Il convient de rappeler que la structure actuelle des négociations collectives pour les ports de la côte Ouest découle principalement de deux relations volontaires centrales entre la BCMEA et la section canadienne de l'ILWU.
La BCMEA est une organisation qui représente la grande majorité des entreprises de débardage et des exploitants de terminaux qui effectuent des travaux de débardage en C.-B. Fondée en 1966, la BCMEA fonctionne comme une société en vertu de la Societies Act et mène des négociations collectives en son nom et au nom de ses membres.
L'ILWU, par l'entremise de diverses sections locales, représente les travailleurs du secteur portuaire. Comme nous le verrons plus en détail, l'ILWU opère à la fois au niveau national et local au Canada.
Il existe deux accords principaux entre la BCMEA et l'ILWU applicables à l'industrie du débardage dans les ports de la côte Ouest :
[a] Accord sur les débardeurs (également appelé Accord sectoriel). La BCMEA et la section canadienne de l’International Longshore and Warehouse Union (ILWU Canada) sont signataires d’une convention collective relative aux conditions d’emploi des débardeurs (l’Accord sur les débardeurs), ainsi que d’accords parallèles spécifiques qui ont été fusionnés dans le « Black Book », qui est intégré par renvoi à la convention collective et en fait partie.
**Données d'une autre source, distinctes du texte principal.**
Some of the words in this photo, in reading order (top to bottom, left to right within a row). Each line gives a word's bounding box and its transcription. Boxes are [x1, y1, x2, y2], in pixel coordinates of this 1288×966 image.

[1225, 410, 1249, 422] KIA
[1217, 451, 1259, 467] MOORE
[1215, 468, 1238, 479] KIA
[b] Accord sur la section locale 514 (également appelé Accord sur les contremaîtres). La BCMEA et la section locale 514 des contremaîtres de navire et de quai de l’International Longshore and Warehouse Union (la section locale 514) sont signataires d’une convention collective relative aux conditions d’emploi des contremaîtres (l’Accord sur la section locale 514).
L’ILWU Canada est la section canadienne de l’ILWU internationale. L’ILWU est composée de diverses sections locales partout au Canada, principalement (mais pas exclusivement) dans le secteur du débardage. L’ILWU Canada est composée de plusieurs « sections locales de débardeurs » en C.-B. L’Accord sur les débardeurs s’applique aux débardeurs membres des sections locales suivantes :
- [a] la section locale 500, représentant les travailleurs de la région de Vancouver;
- [b] la section locale 502, représentant les travailleurs de la région du fleuve Fraser dans la région métropolitaine de Vancouver (c’est-à-dire New Westminster/Surrey/Delta);
- [c] la section locale 505, représentant les travailleurs de Prince Rupert;
- [d] la section locale 508, représentant les travailleurs de l’île de Vancouver;
- [e] la section locale 519, représentant les travailleurs de Stewart.
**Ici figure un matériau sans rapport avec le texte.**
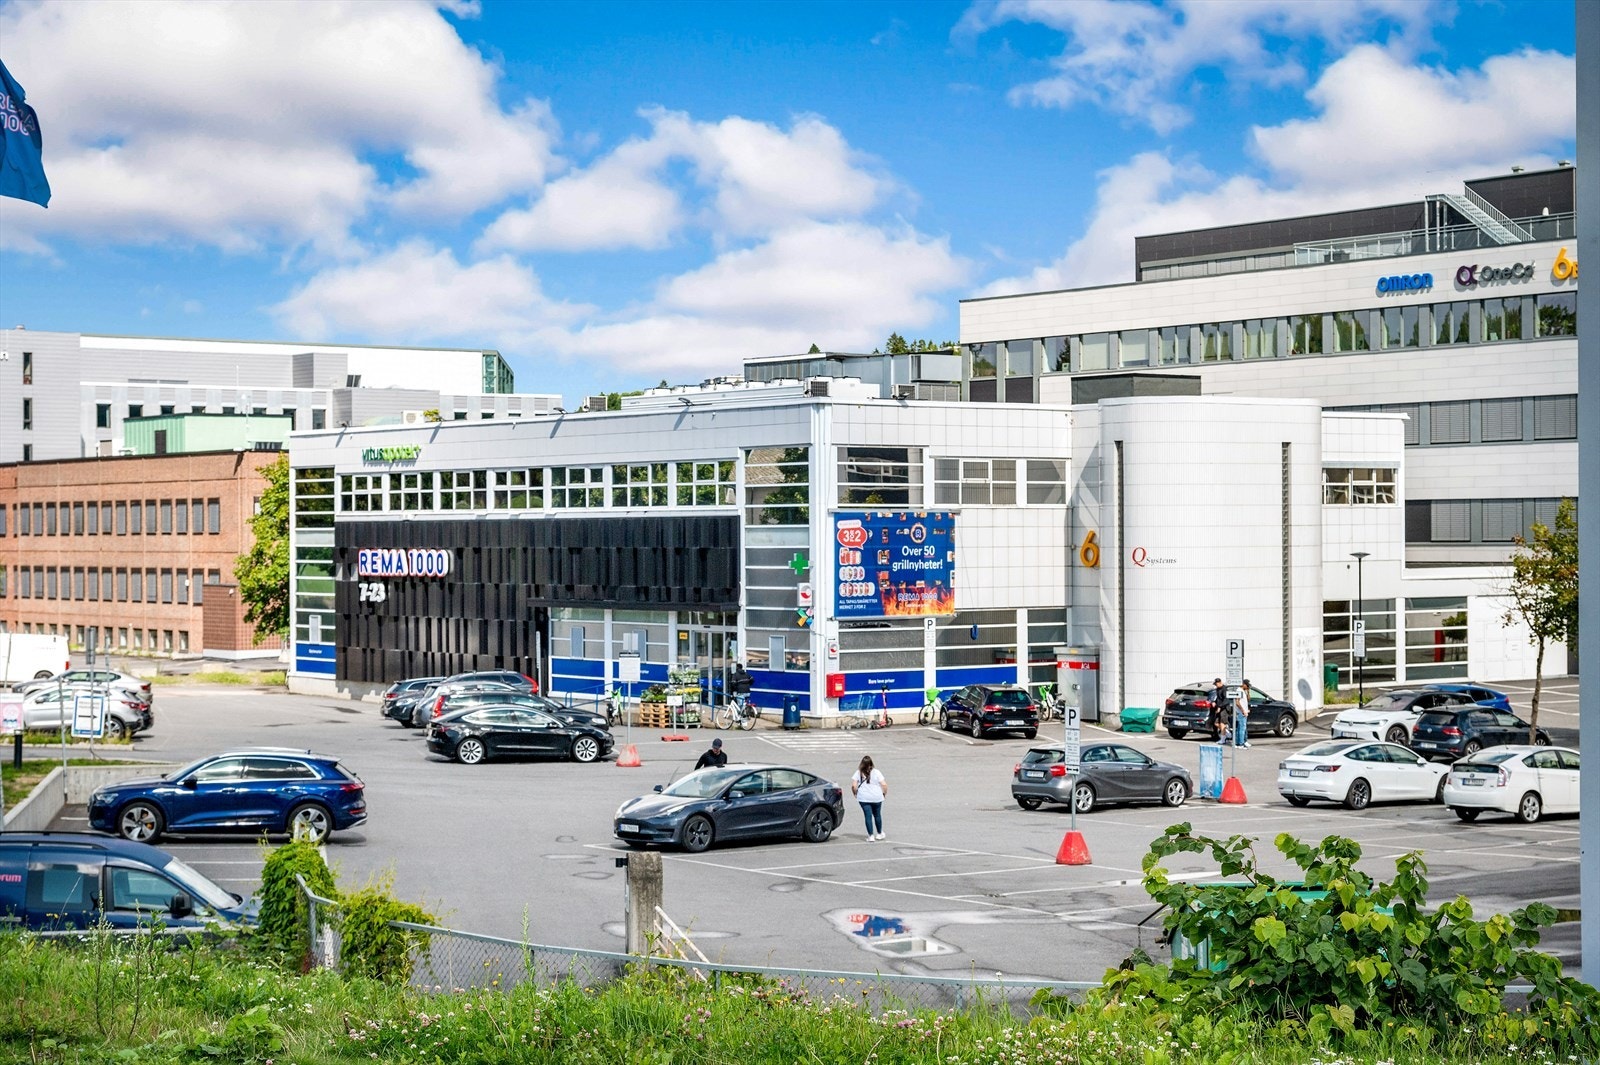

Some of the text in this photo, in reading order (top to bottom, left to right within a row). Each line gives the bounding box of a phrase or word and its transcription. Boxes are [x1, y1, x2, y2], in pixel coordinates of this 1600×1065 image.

[1377, 273, 1433, 292] OMRON
[843, 530, 850, 542] 3
[855, 530, 861, 542] 2
[901, 545, 936, 556] Over 50
[1080, 529, 1100, 568] 6
[358, 549, 448, 577] REMA 1000
[1131, 547, 1147, 567] Q
[892, 559, 943, 571] grillnyheter!
[359, 583, 386, 602] 7-23
[927, 619, 933, 630] P
[1357, 622, 1362, 633] P
[1230, 641, 1239, 655] P
[1068, 709, 1077, 726] P
La section locale 514 représente les contremaîtres de débardeurs dans tous les ports de la côte Ouest.
L’Accord sur la section locale 514 comporte deux accords supplémentaires qui concernent les planificateurs et répartiteurs de navires chez certains employeurs membres. Plus précisément :
- l’Accord sur les débardeurs le plus récent est en vigueur du 1er avril 2023 au 31 mars 2027;
- l’Accord sur la section locale 514 le plus récent est en vigueur du 1er avril 2018 au 31 mars 2023. Les négociations en vue du renouvellement de l’Accord sur la section locale 514 ont abouti à un lock-out de l’ensemble du secteur portuaire à l’été 2024 et ont été soumises à l’arbitrage des différends.
- [a] La section locale 514 représente les répartiteurs et les planificateurs de navires de DP World (Canada) Inc., conformément aux modalités énoncées à l’annexe 2 de l’Accord sur la section locale 514 (Annexe sur les répartiteurs/ planificateurs de DP World).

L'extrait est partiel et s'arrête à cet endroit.